# Dudley holiday snaps



## DB1 (Jan 20, 2012)

The journey down was a little cramped - my son is in there somewhere!


Mornings in the van


Cool ice cream (oops, don't look at that rust!)


Now if I was brave enough to swim across I could get those noisy gulls!


Just posing


Now where did that jellyfish go? 


Cockerpoo or Dr. Who monster?!






Then when we dig here we can make the chair collapse....!




Last day, enjoying watching the world go by...


Not really added any that show the beauty of Cornwall but guess this is plenty anyway!


----------



## dmgalley (Aug 19, 2012)

Absolutely amazing photos! His face in the van is priceless and the sun set photo is awesome! Your son is adorable. Looks like you had a wonderful time. Thank you for sharing. (I was having Dudley withdrawal) 

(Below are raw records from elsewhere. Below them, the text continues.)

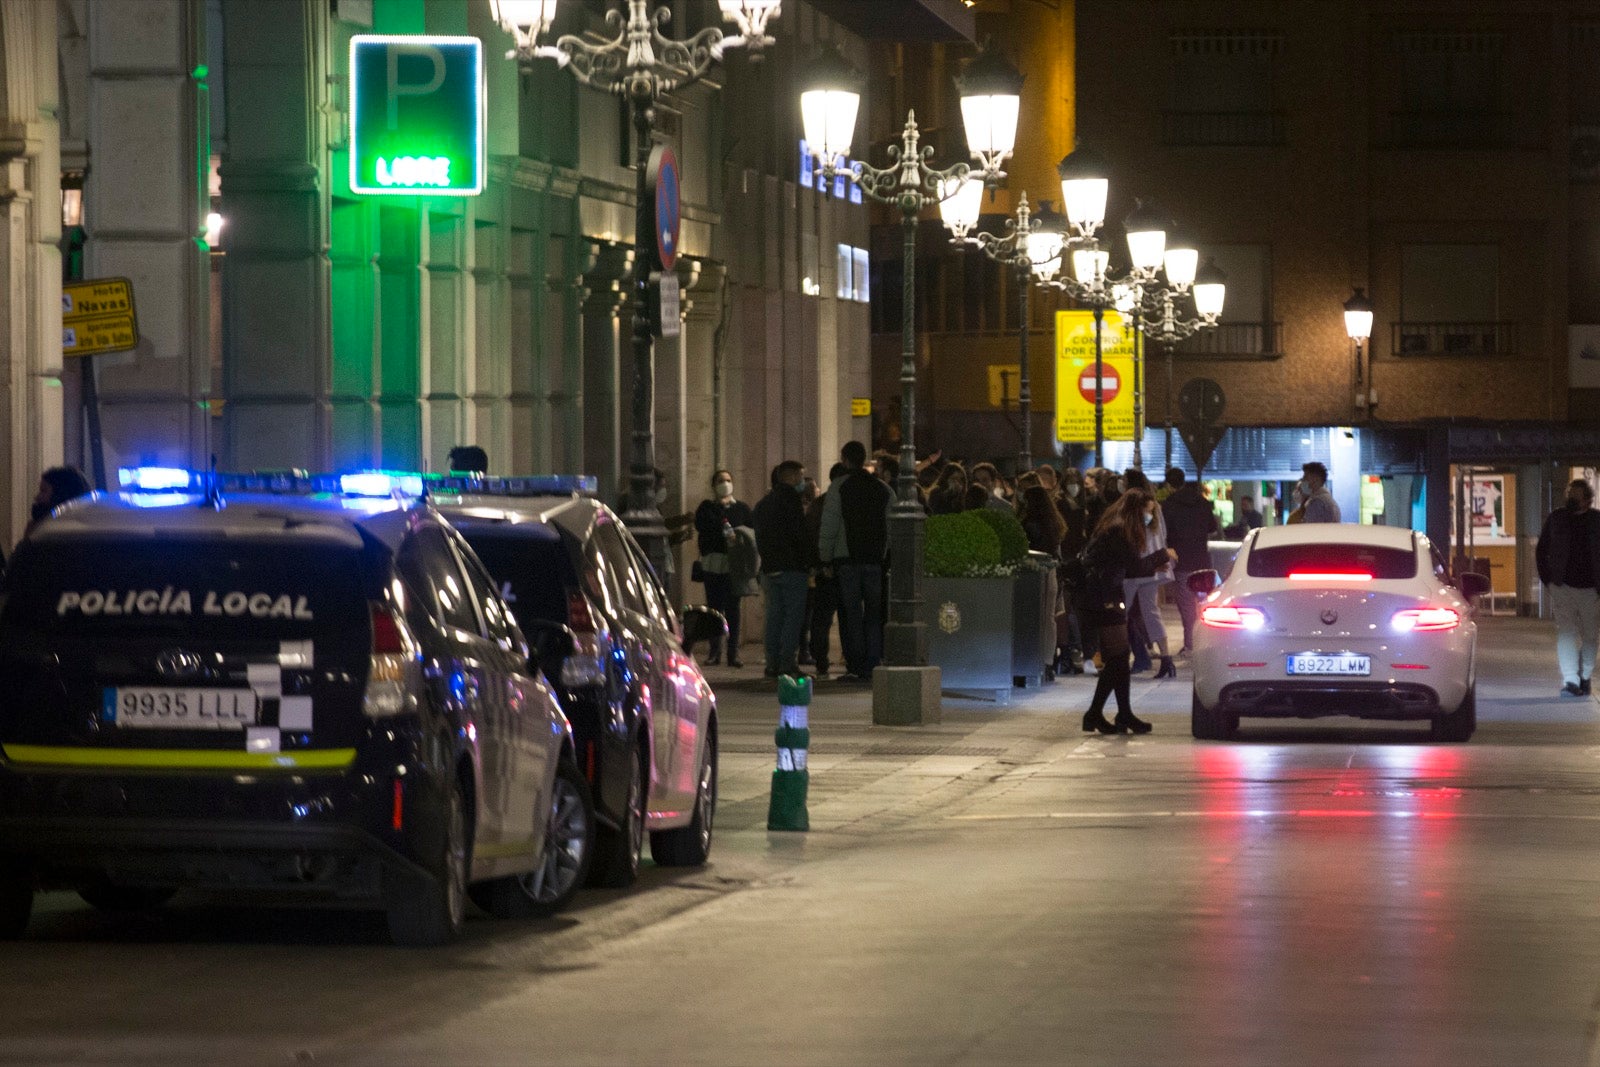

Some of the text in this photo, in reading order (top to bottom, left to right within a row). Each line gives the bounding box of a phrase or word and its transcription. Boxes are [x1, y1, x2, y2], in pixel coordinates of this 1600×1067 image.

[387, 44, 446, 129] P
[93, 284, 125, 296] Hotel
[78, 299, 126, 312] Navas
[1072, 336, 1126, 345] CONROL
[1064, 347, 1135, 355] POR CMARA
[57, 585, 313, 620] POLICÍA LOCAL
[1297, 659, 1366, 671] 8922 LMM
[123, 693, 247, 718] 9935 LLL

Sent from my SGH-T989 using Tapatalk 2


----------



## DB1 (Jan 20, 2012)

Have a lovely close up of his head on a pillow will add later for you Donna, must go and take the poor boy out now, I am neglecting him while I am on here saying I love my Cockapoo!!


----------



## Muttley Brody (Feb 14, 2012)

Dudley is just so gorgeous. By the way the sun glasses suit him


----------



## erinafare (Dec 9, 2012)

What lovely pictures can't get enough of them.
I can't get over how alike Dudley and Poppy are coat colouring and texture. Their facial expressions as well. I shall have to get a photo of her standing as they all seem to be of her sitting or laying down.xx


----------



## arlo (Mar 11, 2013)

What beautiful photos, looks like you had a brilliant time, Dudley is so gorgeous.


----------



## eddie1 (May 31, 2012)

Great photos Dawn, I don't think we are bothered about shots of Cornwall so long as we get to see Dudley having a great time !!! X x


----------



## Fiver (Nov 26, 2011)

Fabulous photos Dawn!
Dudley is such a character with attitude. A great chum for your son
I love the sea shots of him, just brilliant!
If ever there was a dog born to run with a boy and get into mischief..it has to be Dudley

Val


----------



## dio.ren (Jan 18, 2013)

Nice pictures my favorite is the one with the sunglasses and the ice cream how cute


----------



## Marzi (Sep 17, 2012)

What a wonderful holiday your boys obviously had the best time


----------



## wilfiboy (Sep 18, 2010)

Fabulous where to start, didnt spot your son to start with lol, love the surfing shot, the one of you and Dudley looking out of the van and your son and Dudley at sunset well that's just wonderful..... Great photos, obviously great holiday, great memories xxxx


----------



## Tinman (Apr 23, 2013)

Great pics of dudleys holiday. Hope you enjoyed it too!


----------



## lady amanda (Nov 26, 2010)

wOW! GREAT PICS!!! looks like you had a great time!


----------



## Weaktea (Feb 19, 2013)

I think you should investigate cloning Dudley - we all want one!


----------



## DB1 (Jan 20, 2012)

Weaktea said:


> I think you should investigate cloning Dudley - we all want one!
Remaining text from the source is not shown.